== Records from a data source ==
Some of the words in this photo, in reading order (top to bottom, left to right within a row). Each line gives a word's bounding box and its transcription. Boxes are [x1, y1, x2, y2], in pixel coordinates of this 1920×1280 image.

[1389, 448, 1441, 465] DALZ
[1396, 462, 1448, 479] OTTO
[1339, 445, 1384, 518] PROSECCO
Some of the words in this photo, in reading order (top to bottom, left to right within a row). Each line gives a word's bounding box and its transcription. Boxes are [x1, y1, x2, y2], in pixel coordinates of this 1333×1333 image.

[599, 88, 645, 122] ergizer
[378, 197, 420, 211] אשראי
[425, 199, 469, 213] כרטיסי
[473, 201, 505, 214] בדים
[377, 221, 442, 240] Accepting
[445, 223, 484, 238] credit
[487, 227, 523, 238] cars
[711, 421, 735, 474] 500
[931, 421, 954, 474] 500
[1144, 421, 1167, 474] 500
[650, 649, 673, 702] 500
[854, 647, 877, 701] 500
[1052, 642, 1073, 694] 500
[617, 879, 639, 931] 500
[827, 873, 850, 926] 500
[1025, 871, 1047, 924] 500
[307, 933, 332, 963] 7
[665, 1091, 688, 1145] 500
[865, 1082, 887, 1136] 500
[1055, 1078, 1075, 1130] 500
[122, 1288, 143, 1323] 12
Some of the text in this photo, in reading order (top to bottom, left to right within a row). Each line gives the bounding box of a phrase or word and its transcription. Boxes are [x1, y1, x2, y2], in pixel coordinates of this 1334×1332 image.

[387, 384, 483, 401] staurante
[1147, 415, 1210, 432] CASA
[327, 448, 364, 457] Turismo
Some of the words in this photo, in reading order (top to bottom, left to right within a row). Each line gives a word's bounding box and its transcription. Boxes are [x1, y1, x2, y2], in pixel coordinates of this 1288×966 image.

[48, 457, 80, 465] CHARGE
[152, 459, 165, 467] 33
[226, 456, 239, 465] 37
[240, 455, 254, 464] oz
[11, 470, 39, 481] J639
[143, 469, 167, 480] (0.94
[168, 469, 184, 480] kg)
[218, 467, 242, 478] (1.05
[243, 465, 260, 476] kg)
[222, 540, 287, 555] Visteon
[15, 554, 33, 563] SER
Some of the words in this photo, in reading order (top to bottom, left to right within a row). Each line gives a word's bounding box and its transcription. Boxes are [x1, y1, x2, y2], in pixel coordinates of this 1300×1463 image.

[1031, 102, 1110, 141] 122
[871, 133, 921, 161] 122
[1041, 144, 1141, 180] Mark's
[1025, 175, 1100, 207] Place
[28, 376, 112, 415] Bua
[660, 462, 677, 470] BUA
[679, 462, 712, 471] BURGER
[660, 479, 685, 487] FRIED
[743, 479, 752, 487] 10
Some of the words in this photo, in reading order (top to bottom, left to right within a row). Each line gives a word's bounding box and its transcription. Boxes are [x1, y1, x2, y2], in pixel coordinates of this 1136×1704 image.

== AIM OF THE EXERCISE ==
A word-for-word copy of all the entries is required.

== RESULT OF THE EXERCISE ==
Some of the words in this photo, in reading order (top to bottom, left to right within a row). Each line gives a word's bounding box and its transcription. Boxes are [x1, y1, x2, y2], in pixel coordinates of this 1920×1280 image.

[1389, 448, 1441, 465] DALZ
[1396, 462, 1448, 479] OTTO
[1339, 445, 1384, 518] PROSECCO
Some of the words in this photo, in reading order (top to bottom, left to right within a row). Each line gives a word's bounding box and its transcription. Boxes are [x1, y1, x2, y2], in pixel coordinates of this 1333×1333 image.

[599, 88, 645, 122] ergizer
[378, 197, 420, 211] אשראי
[425, 199, 469, 213] כרטיסי
[473, 201, 505, 214] בדים
[377, 221, 442, 240] Accepting
[445, 223, 484, 238] credit
[487, 227, 523, 238] cars
[711, 421, 735, 474] 500
[931, 421, 954, 474] 500
[1144, 421, 1167, 474] 500
[650, 649, 673, 702] 500
[854, 647, 877, 701] 500
[1052, 642, 1073, 694] 500
[617, 879, 639, 931] 500
[827, 873, 850, 926] 500
[1025, 871, 1047, 924] 500
[307, 933, 332, 963] 7
[665, 1091, 688, 1145] 500
[865, 1082, 887, 1136] 500
[1055, 1078, 1075, 1130] 500
[122, 1288, 143, 1323] 12
Some of the text in this photo, in reading order (top to bottom, left to right within a row). Each line gives the bounding box of a phrase or word and its transcription. Boxes are [x1, y1, x2, y2], in pixel coordinates of this 1334×1332 image.

[387, 384, 483, 401] staurante
[1147, 415, 1210, 432] CASA
[327, 448, 364, 457] Turismo
Some of the words in this photo, in reading order (top to bottom, left to right within a row). Each line gives a word's bounding box and its transcription. Boxes are [x1, y1, x2, y2], in pixel coordinates of this 1288×966 image.

[48, 457, 80, 465] CHARGE
[152, 459, 165, 467] 33
[226, 456, 239, 465] 37
[240, 455, 254, 464] oz
[11, 470, 39, 481] J639
[143, 469, 167, 480] (0.94
[168, 469, 184, 480] kg)
[218, 467, 242, 478] (1.05
[243, 465, 260, 476] kg)
[222, 540, 287, 555] Visteon
[15, 554, 33, 563] SER
Some of the words in this photo, in reading order (top to bottom, left to right within a row). Each line gives a word's bounding box and its transcription. Boxes are [x1, y1, x2, y2], in pixel coordinates of this 1300×1463 image.

[1031, 102, 1110, 141] 122
[871, 133, 921, 161] 122
[1041, 144, 1141, 180] Mark's
[1025, 175, 1100, 207] Place
[28, 376, 112, 415] Bua
[660, 462, 677, 470] BUA
[679, 462, 712, 471] BURGER
[660, 479, 685, 487] FRIED
[743, 479, 752, 487] 10
Some of the words in this photo, in reading order (top to bottom, left to right within a row). Each line gives a word's bounding box and its transcription. Boxes are [x1, y1, x2, y2], in pixel coordinates of this 1136×1704 image.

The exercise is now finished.